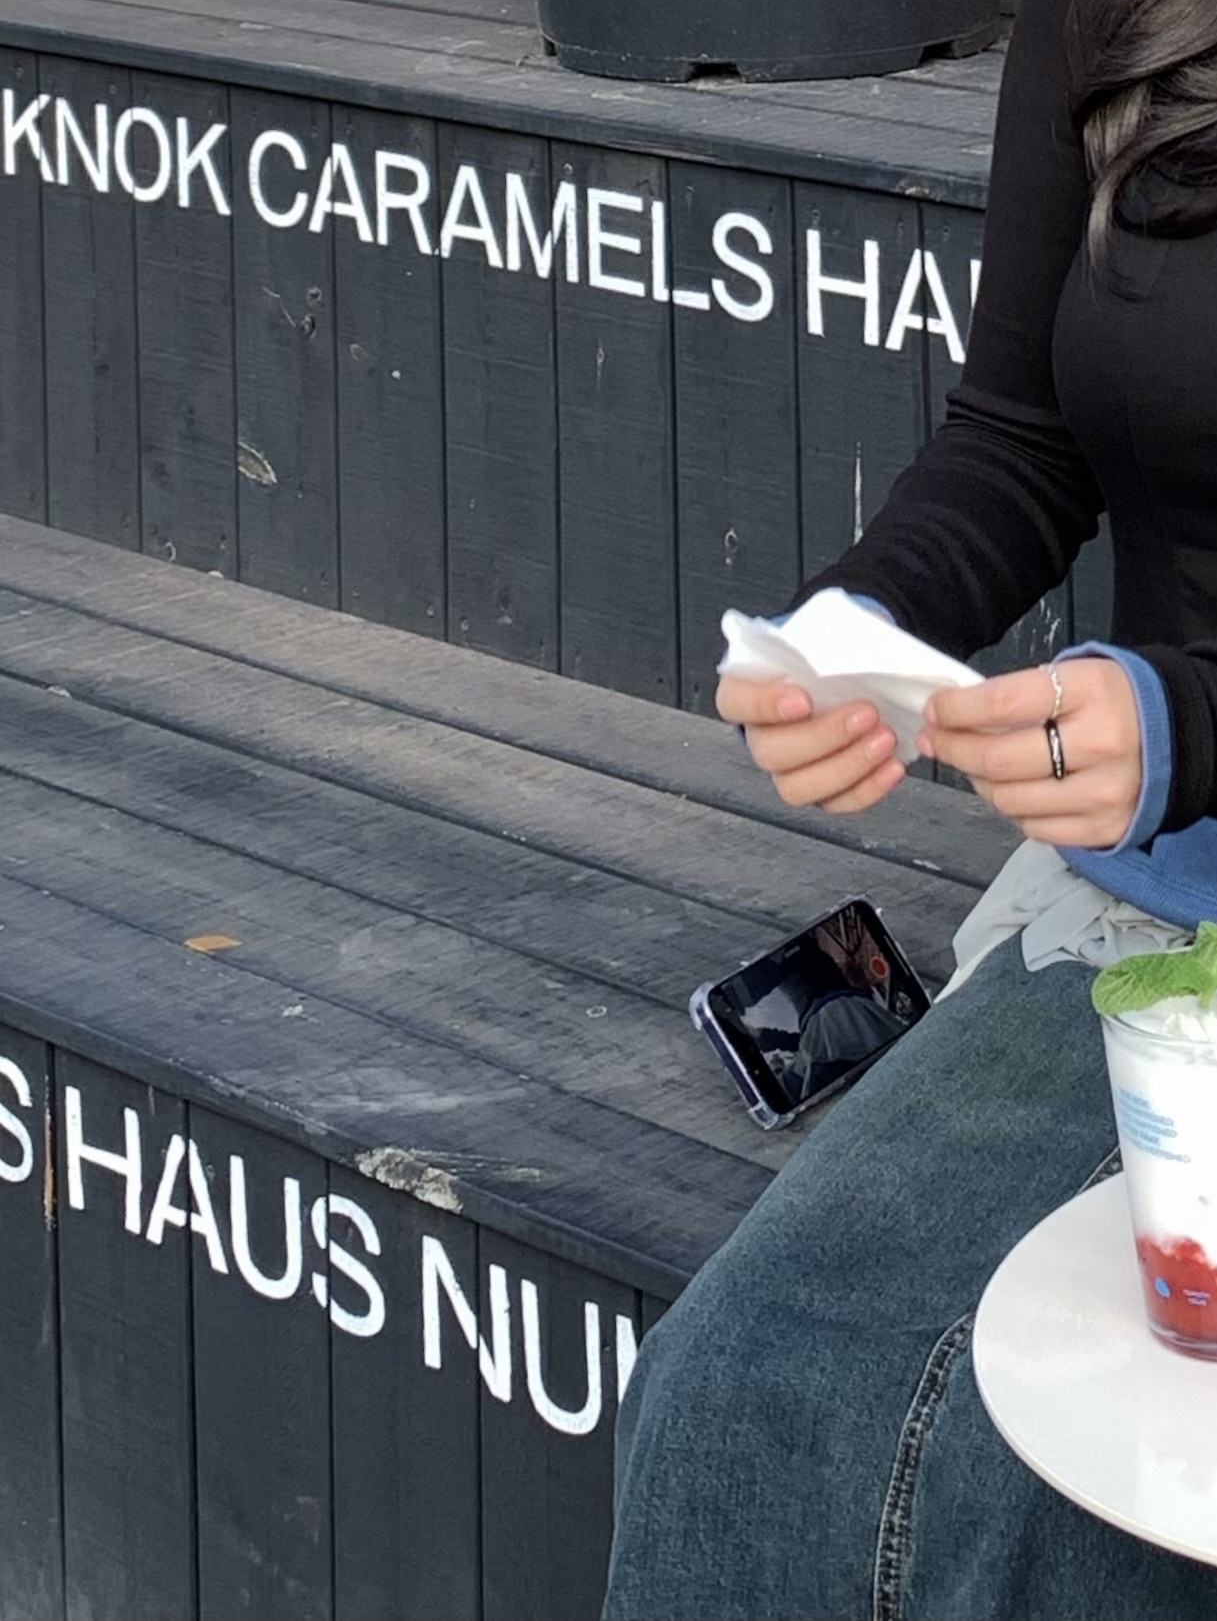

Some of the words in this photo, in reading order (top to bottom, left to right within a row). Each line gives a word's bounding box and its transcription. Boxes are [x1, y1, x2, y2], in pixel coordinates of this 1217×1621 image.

[2, 88, 231, 216] KNOK
[248, 129, 774, 322] CARAMELS
[806, 228, 982, 364] HA
[65, 1085, 386, 1337] HAUS
[422, 1235, 638, 1435] NU

Work instruction>
A verbatim reproduction of each entry is expected, with every picture omitted.

Expected answer>
Some of the words in this photo, in reading order (top to bottom, left to right within a row). Each line gives a word's bounding box and its transcription. Boxes are [x1, y1, x2, y2], in pixel coordinates of this 1217×1621 image.

[2, 88, 231, 216] KNOK
[248, 129, 774, 322] CARAMELS
[806, 228, 982, 364] HA
[65, 1085, 386, 1337] HAUS
[422, 1235, 638, 1435] NU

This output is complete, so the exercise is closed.